[Dataset items]
##############################
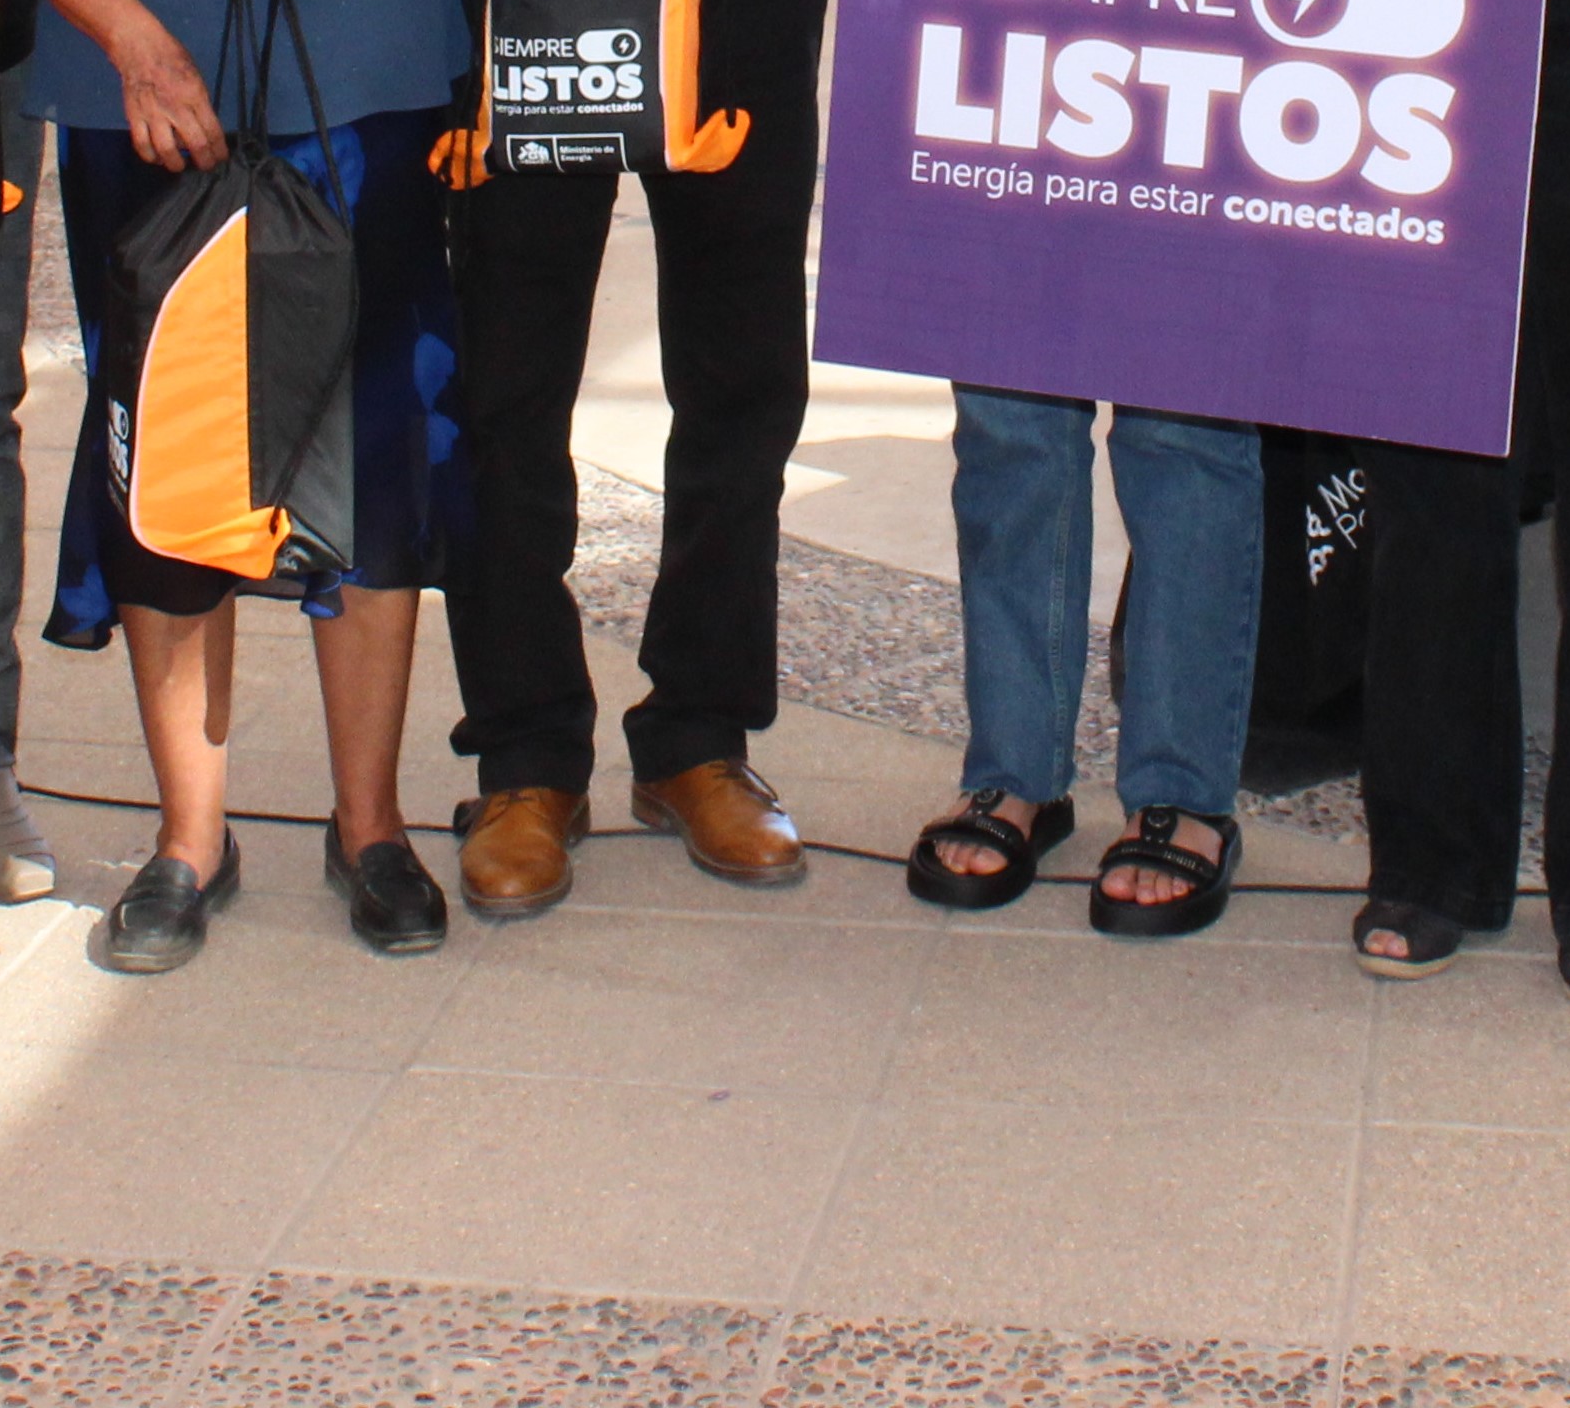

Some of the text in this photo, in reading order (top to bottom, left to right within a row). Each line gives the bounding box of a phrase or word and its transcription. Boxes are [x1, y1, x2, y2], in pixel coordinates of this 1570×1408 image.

[492, 62, 644, 102] LISTOS
[524, 105, 547, 117] para
[549, 103, 575, 114] estar
[577, 100, 645, 114] conectados
[914, 22, 1456, 195] LISTOS
[559, 145, 615, 154] Ministerio de
[910, 150, 1445, 245] Energía para estar conectados
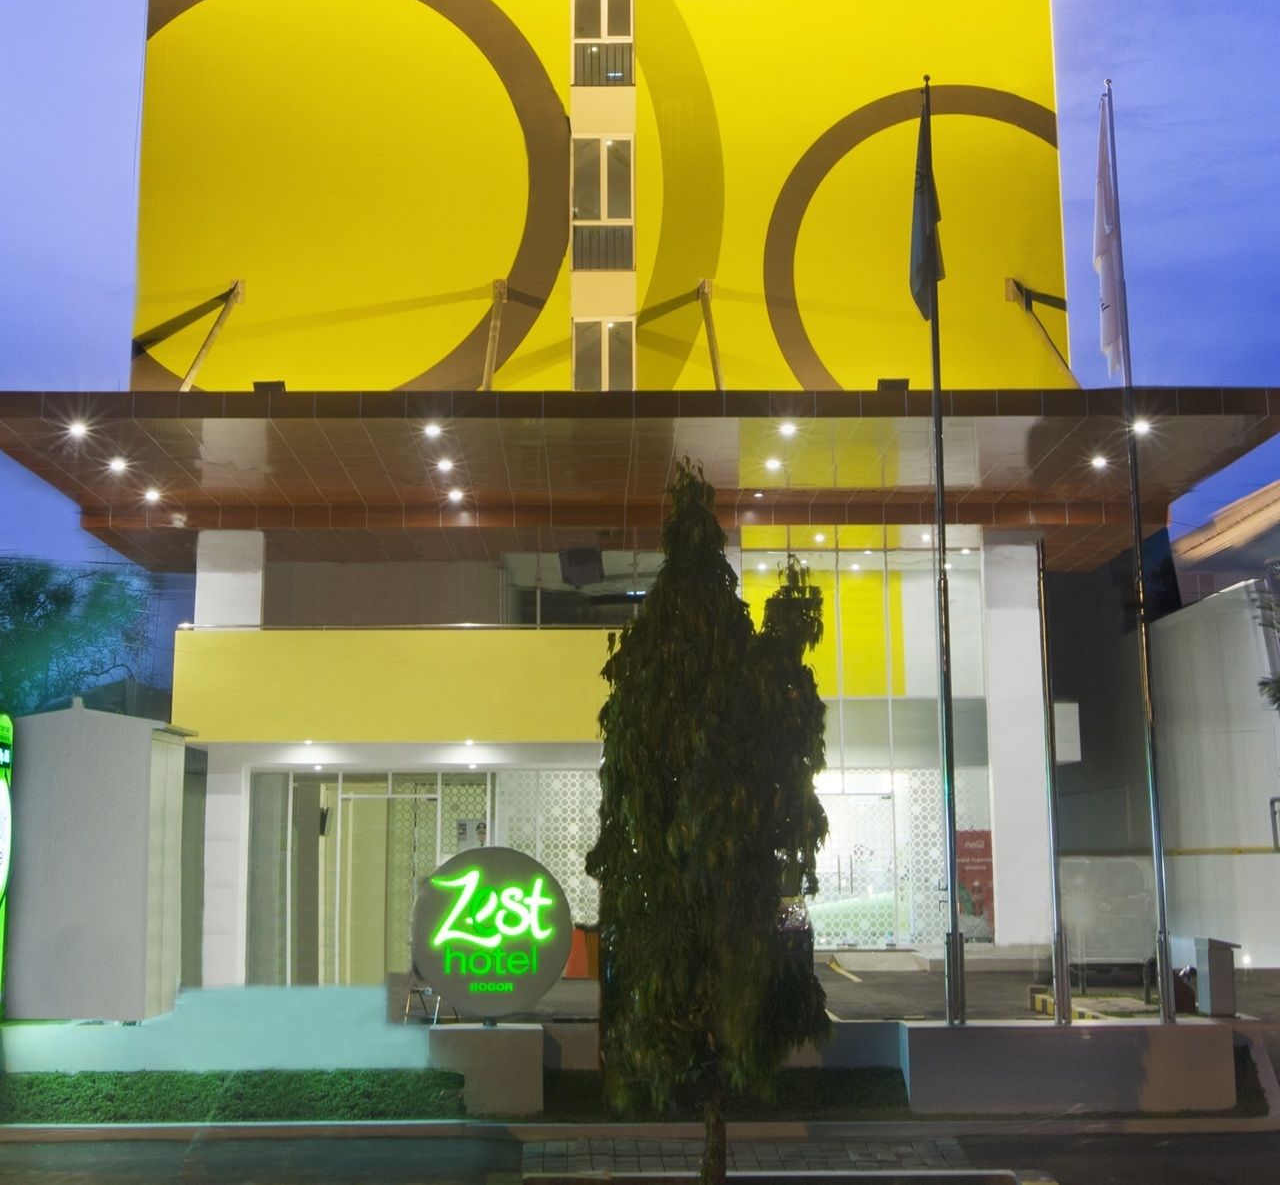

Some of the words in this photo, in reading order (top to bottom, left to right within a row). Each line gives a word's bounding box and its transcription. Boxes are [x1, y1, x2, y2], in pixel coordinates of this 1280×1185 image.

[431, 869, 554, 948] Zest
[443, 944, 539, 976] hotel
[469, 982, 514, 992] BOGOR
##############################
* What the task asks
Reproduce the data above in full, exactly, with the images removed.

* Task answer
Some of the text in this photo, in reading order (top to bottom, left to right within a row). Each line gives the bounding box of a phrase or word and its transcription. Boxes are [x1, y1, x2, y2], in pixel coordinates of this 1570×1408 image.

[492, 62, 644, 102] LISTOS
[524, 105, 547, 117] para
[549, 103, 575, 114] estar
[577, 100, 645, 114] conectados
[914, 22, 1456, 195] LISTOS
[559, 145, 615, 154] Ministerio de
[910, 150, 1445, 245] Energía para estar conectados

Some of the words in this photo, in reading order (top to bottom, left to right within a row). Each line gives a word's bounding box and its transcription. Boxes are [x1, y1, x2, y2], in pixel coordinates of this 1280×1185 image.

[431, 869, 554, 948] Zest
[443, 944, 539, 976] hotel
[469, 982, 514, 992] BOGOR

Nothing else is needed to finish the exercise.